At the end of 2017, Plastic Omnium launched the project of disposal of its Environment division, which is currently ongoing. The division posted revenue of €78.4 million in the first quarter of 2018.

On March 1, 2018, the Group announced its plan to increase its equity stake in HBPO to 66.66%, the world leader in front-end modules, by purchasing an additional 33.33% shareholding from the German automotive supplier Mahle. This acquisition for an enterprise value of €350 million is currently being examined by competition authorities. In the first quarter of 2018, HBPO contributed 33.33% or €180 million to Plastic Omnium's economic revenue.

HBPO's size, with estimated revenue of €2.1 billion in 2018, technological expertise, and some 21 customers in 13 countries, enables Plastic Omnium to step up its development in the modularization and design of the smart car bodies of the future, faced with the technological challenges presented by autonomous and connected cars.

If these planned disposal and acquisition are carried out this year, Plastic Omnium's 2018 proforma economic revenue will amount to over €9 billion.

Further improvement in results expected in the first semester

In the second quarter of 2018, worldwide automotive production is expected to grow by more than 5%. On this basis, Plastic Omnium's business1, at constant perimeter and exchange rates, will grow even further.

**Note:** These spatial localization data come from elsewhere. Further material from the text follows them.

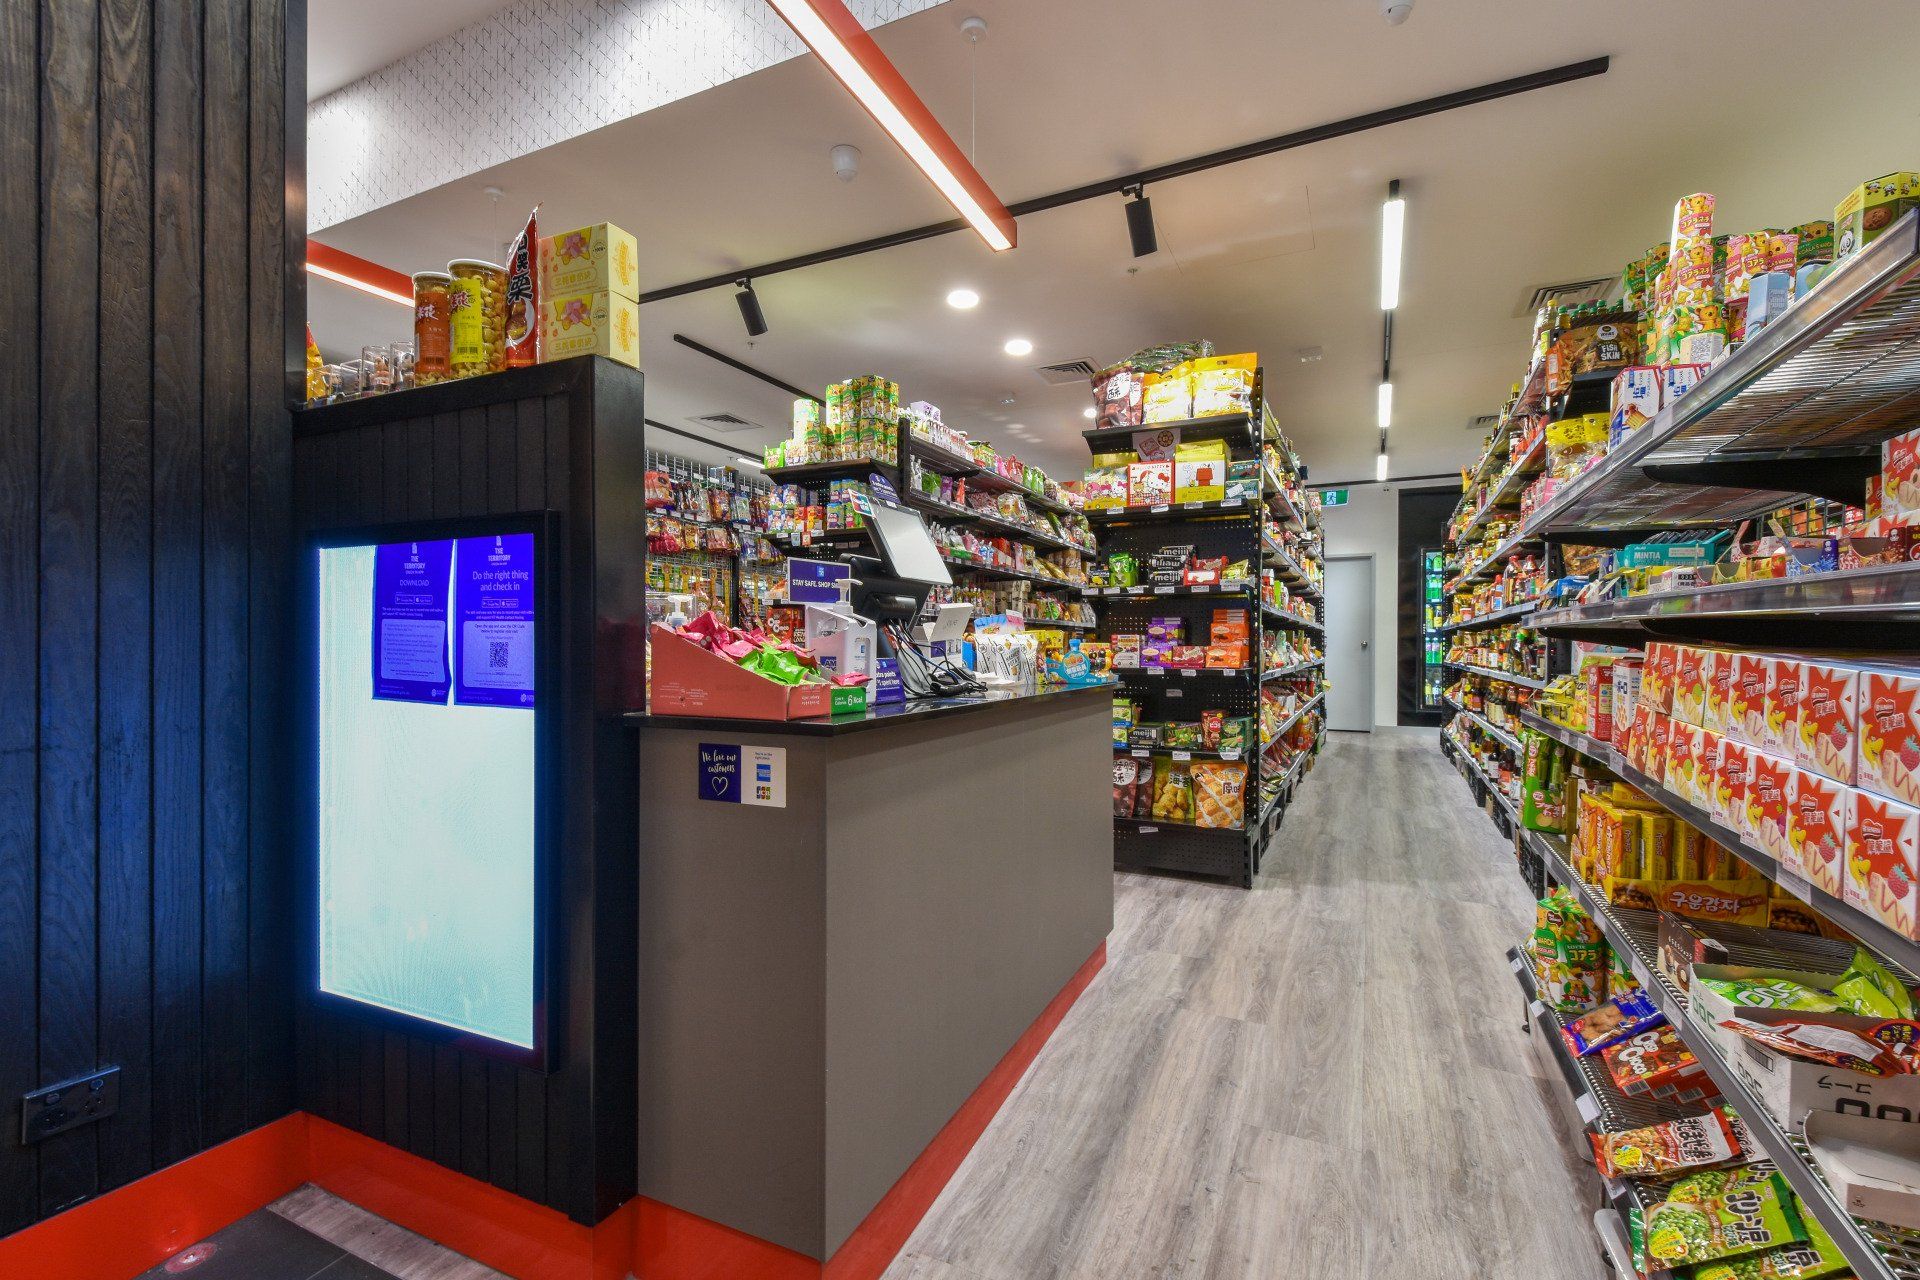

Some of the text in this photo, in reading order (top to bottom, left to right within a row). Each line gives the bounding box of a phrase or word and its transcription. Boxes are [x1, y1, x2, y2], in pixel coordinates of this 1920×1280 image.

[1601, 344, 1618, 352] FISH
[1600, 352, 1621, 361] SKIN
[1633, 551, 1661, 559] MINTIA
[472, 569, 529, 582] Do the right thing
[1154, 571, 1181, 582] meiji
[399, 579, 430, 587] DOWNLOAD
[480, 581, 520, 591] and check in
[792, 579, 805, 587] STAY
[818, 580, 831, 588] SHOP
[847, 694, 853, 706] 6
[1133, 729, 1152, 738] meiji
[702, 749, 736, 762] We love our
[708, 763, 735, 773] customers
[1669, 891, 1740, 914] 구운감자
[1816, 1075, 1872, 1095] コーラ

Backed by strong business levels, its order book, new plant openings and the streamlining of its business portfolio, Plastic Omnium will post further improvement in its results in the first semester 2018.

Calendar

April 26, 2018 Shareholders' Meeting –
Pavillon
Dauphine, Paris, 5.00 pm
May 4, 2018 Dividend payment date, set at €0.67
July 20,
2018
Half-year results for 2018
    1. Economic revenue at constant perimeter and exchange rates.
    1. Economic revenue corresponds to consolidated revenue, plus revenue from the Group's joint ventures, consolidated at their percentage of ownership. This metric reflects the operating and managerial realities of the Group.
    1. Consolidated revenue, pursuant to IFRS Standards 10-11-12, does not include the share of joint ventures, which are consolidated using the equity method.
    1. Perimeter effect: €54 million from the disposal of truck businesses in 2017, and - €9 million from the acquisition in 2017 of the Changchun plant in China.

Application of IFRS 15

Pursuant to IFRS 15 on January 1, 2018 set out in the 2017 consolidated financial statements (Section 1.1. Accounting policies, accounting rules and principles – available at www.plasticomnium.com), revenue from operations generated during the project phase (tooling and development) under automotive contracts is now recognized at the start of the production life.